Smelling the Weird Weed Flowers

When our kids are little, they express their love for us in such sweet and weird ways. They draw us unusual scribbly messes that we tack up proudly on the fridge. They write us notes with misspelled words that we dare not throw away.  Free of the pressures of society to conform and be cool, little kids are completely free to tell us how they feel.

When ER was little, she loved to pick me the weird white weed flowers that look beautiful but smell like armpits. I’ve done a mild amount of research to determine that these white flowers are attached to wild Texas onions, so that explains the armpit smell. Either way, I loved it when she would run up to me and hand me her proclamation of love via wild onion flower.

Now that ER is 15, the proclamations of love are less frequent. I often tell ER that she’s trying on her sassy suit, and while we both know it’s completely normal, I don’t always like watching it happen. We have heated mother-daughter arguments that are the equivalent of holding our breath until both of us turn blue. There’s a lot of exasperation and eye rolling on ER’s side, and threatening to take away ER’s phone on my side.

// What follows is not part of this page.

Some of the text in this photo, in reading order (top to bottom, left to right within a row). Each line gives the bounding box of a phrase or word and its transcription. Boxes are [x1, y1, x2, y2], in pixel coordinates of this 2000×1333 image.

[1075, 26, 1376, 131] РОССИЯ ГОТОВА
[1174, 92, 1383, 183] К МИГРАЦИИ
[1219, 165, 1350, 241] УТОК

I know the trying on of the sassy suit is normal because when my stepchildren were in high school, I vented to a coworker about my stepson having an attitude with me when my colleague who was about ten years my senior said, “God makes our children a-holes when they’re in high school so when it’s time for them to leave, we’re ready.” I thought it was hilarious at the time, but she was completely right. These kids have to torture us much like we tortured our parents so that when they go out on their own, they are ready and so are we.

Despite our difficult arguments, I’ve been feeling pre-empty nest sadness about ER, as she’s about to start to learn how to drive and she’s so much taller than me now and she’s starting to think about college and WHY IS THIS HAPPENING SO FAST?  This morning, I went inside her room where she was sleeping past noon, and just like when she was an infant and a toddler and in elementary school and in middle school, I watched for the rise and fall of her chest as she slept, thankful for her health and her messy room and her dreams and her strong opinions. I took a minute to pray for her happiness, that her anxiety about school and friends is eased, and that she embraces each lesson that life gives her even when the lessons are difficult.

Last week we were in the car, and we’d gotten through another difficult mother daughter argument where I was feeling particularly exasperated, when ER said, “Remember when I used to pick those white flowers for you? I haven’t seen those in a long time, but I wish I could give one to you now.”

And poof, the tension was gone. Argument over. Back on track.

The next day, after another long rainstorm, the universe gifted our neighborhood with plenty of white onion flowers, so on the way home from yoga, I pulled over and picked one and brought it home for ER. It serves as a reminder that while life’s milestones fly by so quickly, and while the teen years can be challenging, depending on how we look at it, it’s all a thing of beauty.